RECORD EXTRACTS
◆ ◆ ◆ ◆ ◆ ◆ ◆
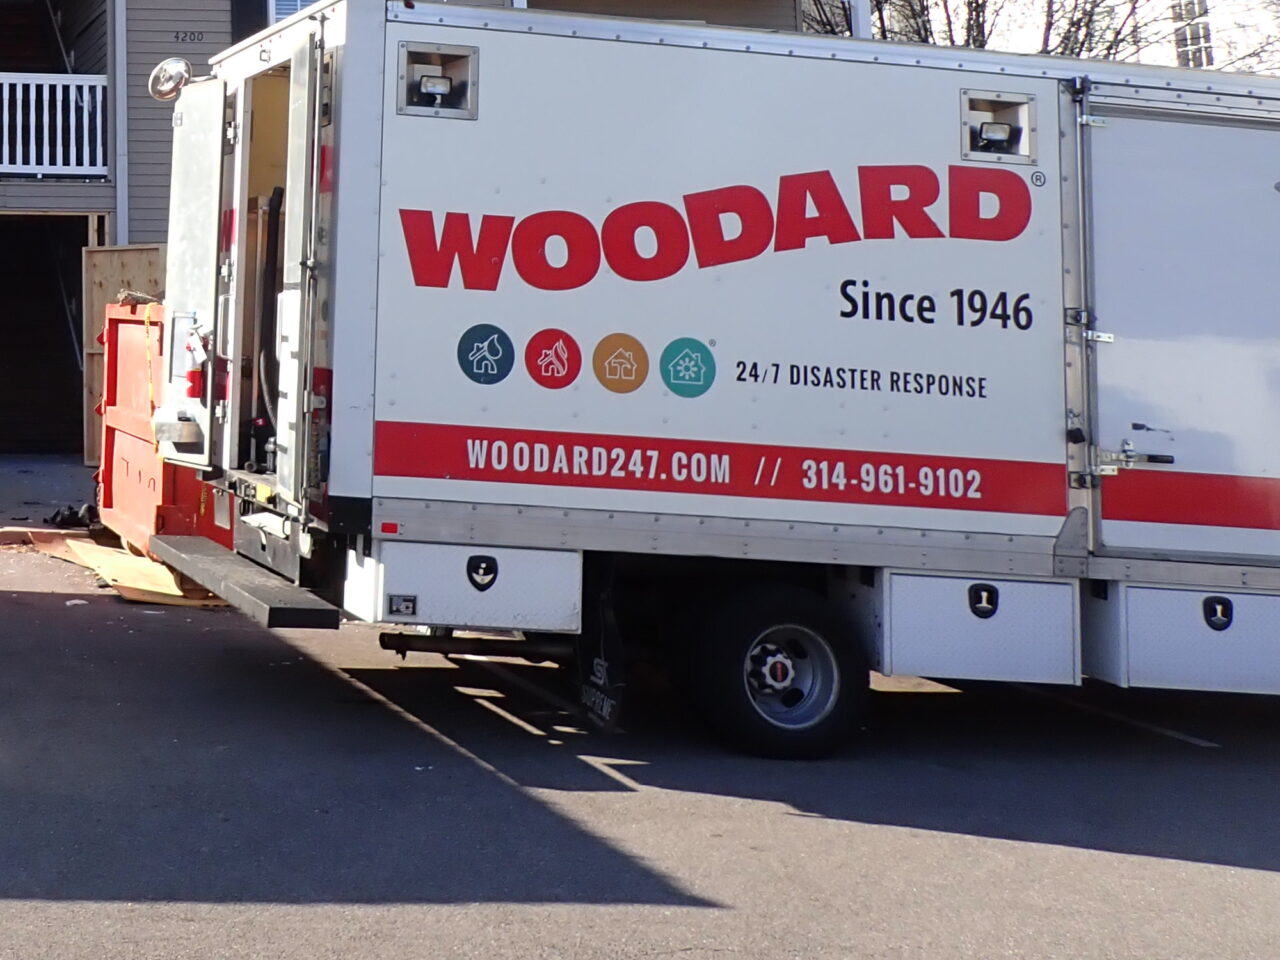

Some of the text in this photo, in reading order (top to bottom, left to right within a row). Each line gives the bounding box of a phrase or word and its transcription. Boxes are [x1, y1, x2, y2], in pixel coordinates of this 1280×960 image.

[173, 31, 204, 42] 4200
[399, 165, 1032, 291] WOODARD
[839, 279, 1033, 331] Since 1946
[735, 361, 987, 399] 24/7 DISASTER RESPONSE
[467, 439, 731, 484] WOODARD247.COM
[802, 459, 982, 499] 314-961-9102
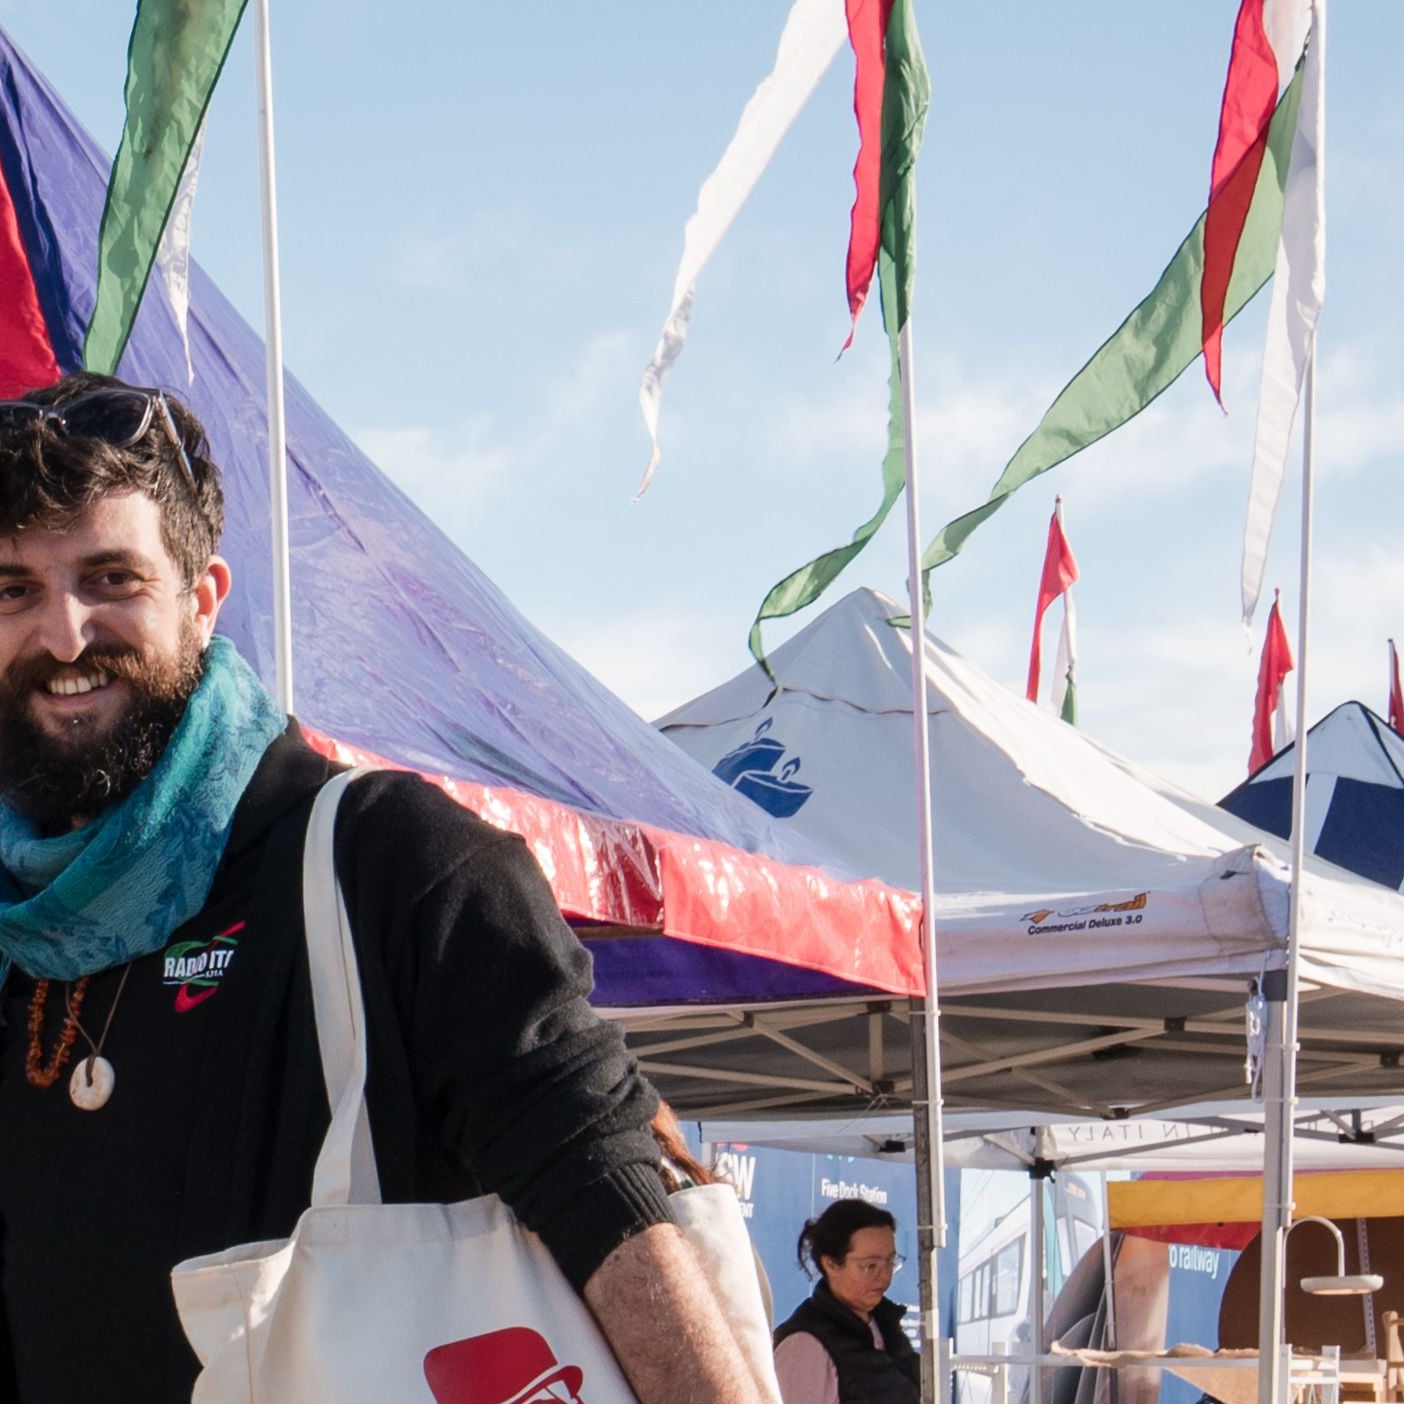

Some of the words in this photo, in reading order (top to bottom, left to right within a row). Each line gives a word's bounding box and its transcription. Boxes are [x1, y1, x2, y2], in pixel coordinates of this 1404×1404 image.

[1027, 919, 1087, 935] Commercial
[1088, 916, 1123, 930] Deluxe
[821, 1178, 839, 1199] Five
[839, 1180, 859, 1200] Dock
[859, 1183, 888, 1205] Station
[1178, 1245, 1221, 1280] railway
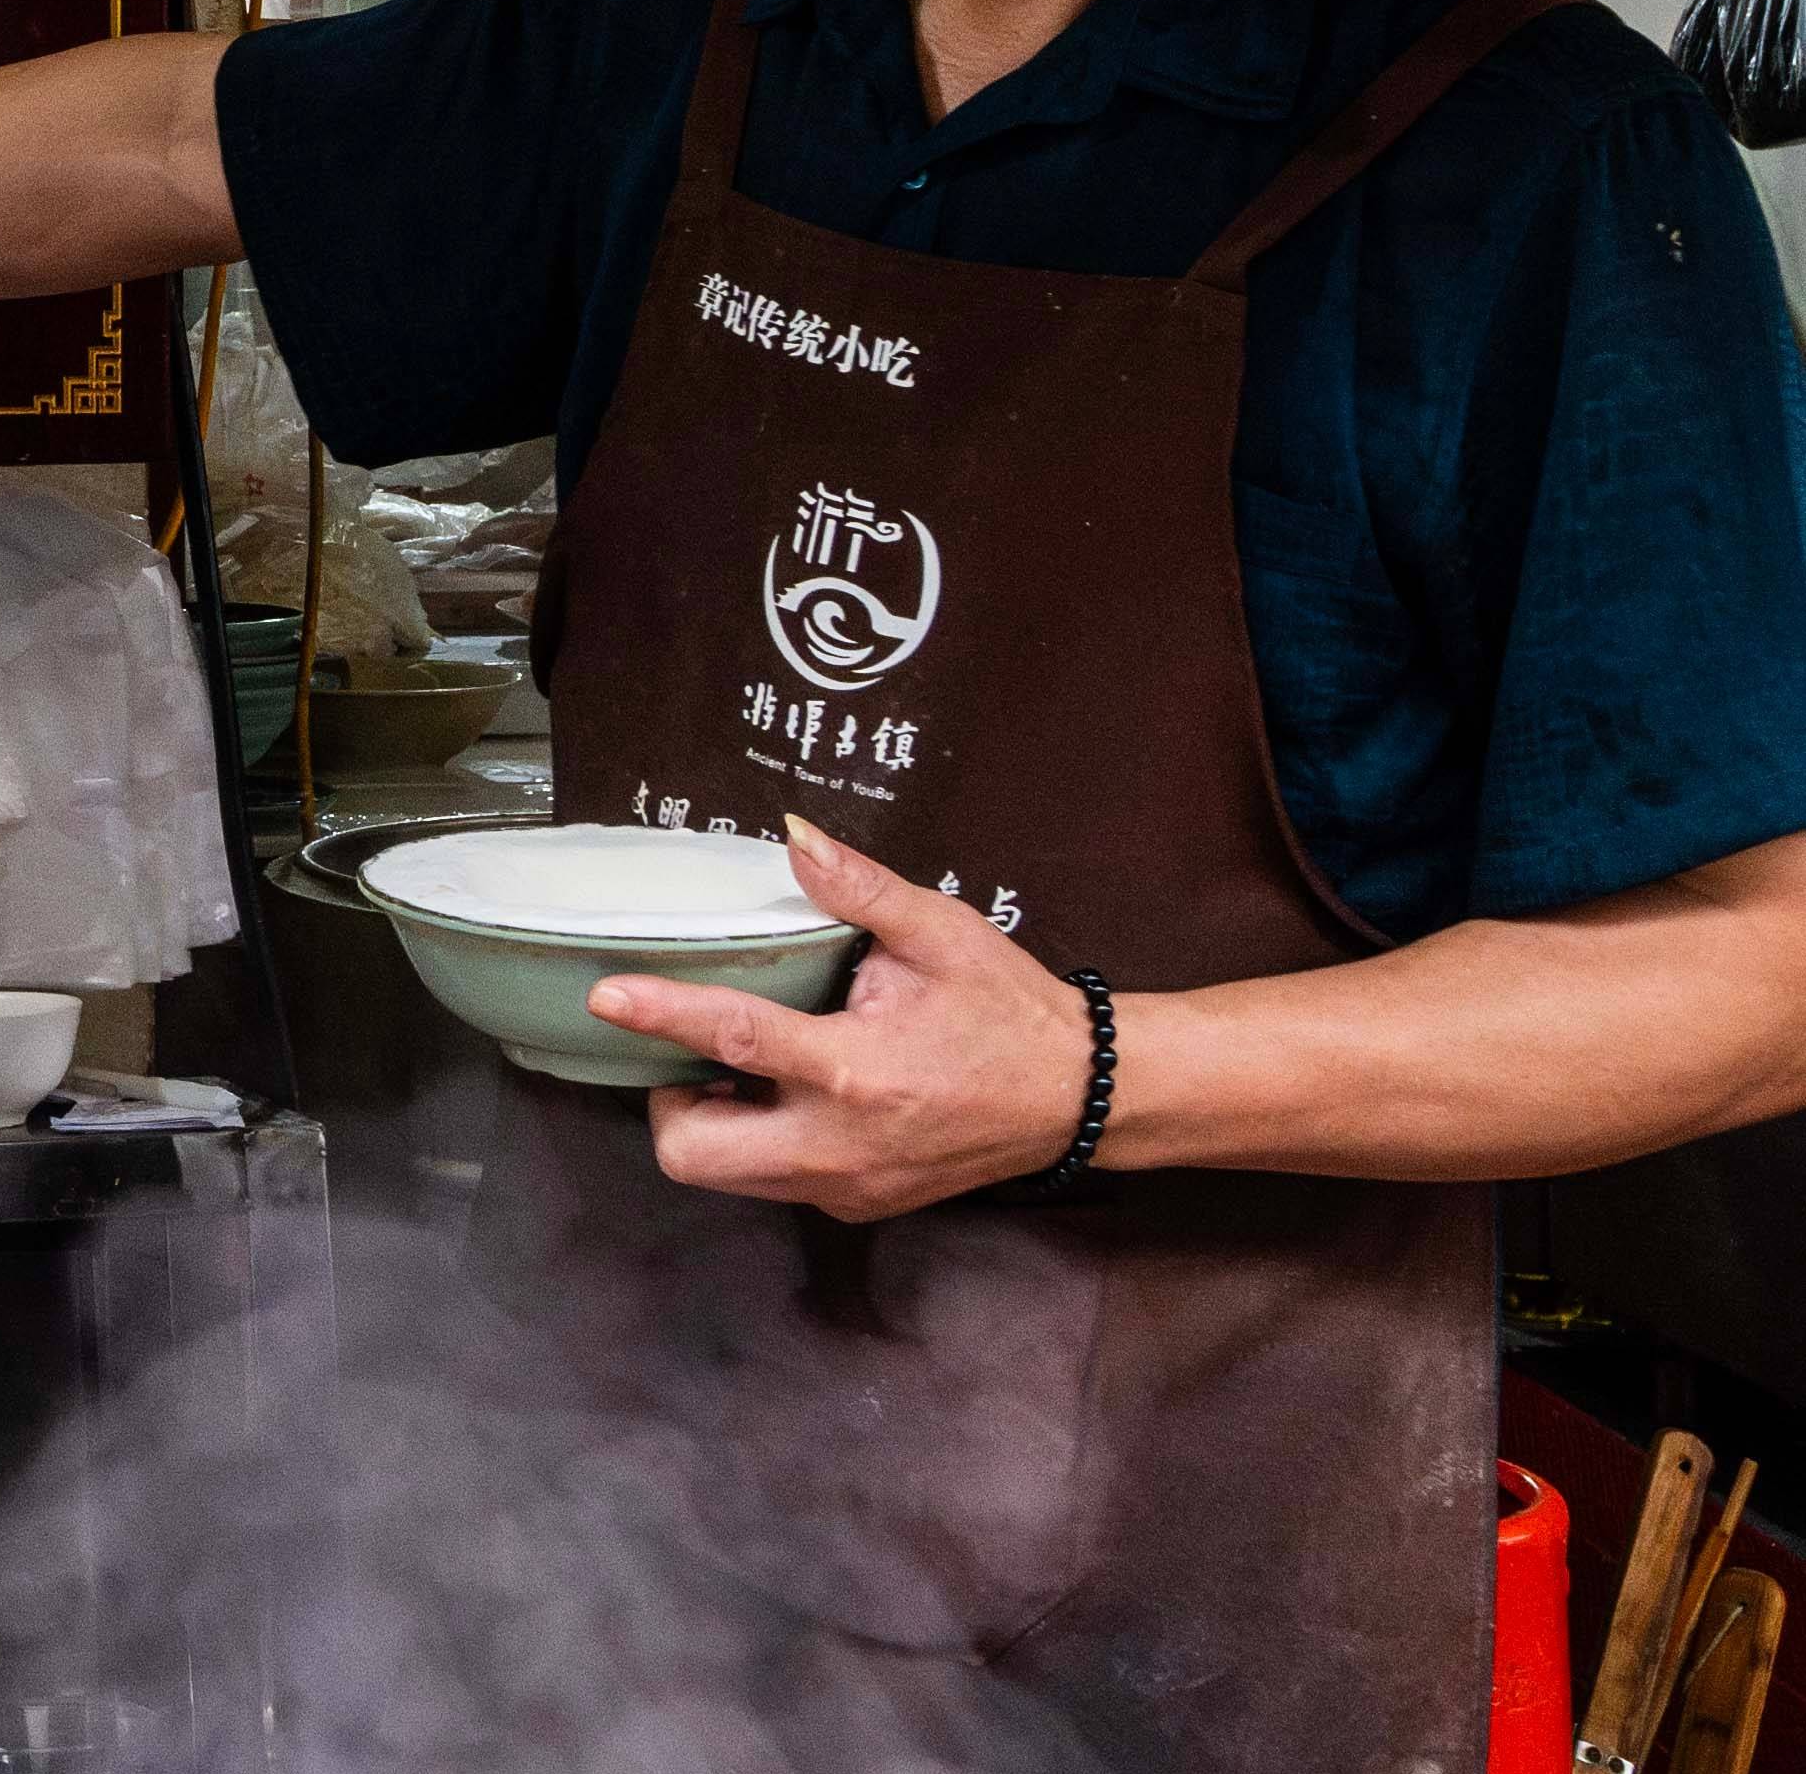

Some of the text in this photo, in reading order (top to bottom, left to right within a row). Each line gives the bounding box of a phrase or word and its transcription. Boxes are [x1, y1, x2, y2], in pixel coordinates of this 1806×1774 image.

[695, 272, 921, 389] 章记传统小吃
[745, 746, 786, 774] Ancient
[829, 776, 844, 792] of
[852, 780, 896, 803] YouBu
◆ ◆ ◆ ◆ ◆ ◆ ◆
TASK OBJECTIVE
Everything in the records above should be printed exactly, apart from the pictures.

RESULT FOR THIS TASK
Some of the text in this photo, in reading order (top to bottom, left to right within a row). Each line gives the bounding box of a phrase or word and its transcription. Boxes are [x1, y1, x2, y2], in pixel coordinates of this 1280×960 image.

[173, 31, 204, 42] 4200
[399, 165, 1032, 291] WOODARD
[839, 279, 1033, 331] Since 1946
[735, 361, 987, 399] 24/7 DISASTER RESPONSE
[467, 439, 731, 484] WOODARD247.COM
[802, 459, 982, 499] 314-961-9102

Some of the words in this photo, in reading order (top to bottom, left to right within a row). Each line gives a word's bounding box and its transcription. Boxes are [x1, y1, x2, y2], in pixel coordinates of this 1404×1404 image.

[1027, 919, 1087, 935] Commercial
[1088, 916, 1123, 930] Deluxe
[821, 1178, 839, 1199] Five
[839, 1180, 859, 1200] Dock
[859, 1183, 888, 1205] Station
[1178, 1245, 1221, 1280] railway

Some of the text in this photo, in reading order (top to bottom, left to right within a row). Each line gives the bounding box of a phrase or word and its transcription. Boxes are [x1, y1, x2, y2], in pixel coordinates of this 1806×1774 image.

[695, 272, 921, 389] 章记传统小吃
[745, 746, 786, 774] Ancient
[829, 776, 844, 792] of
[852, 780, 896, 803] YouBu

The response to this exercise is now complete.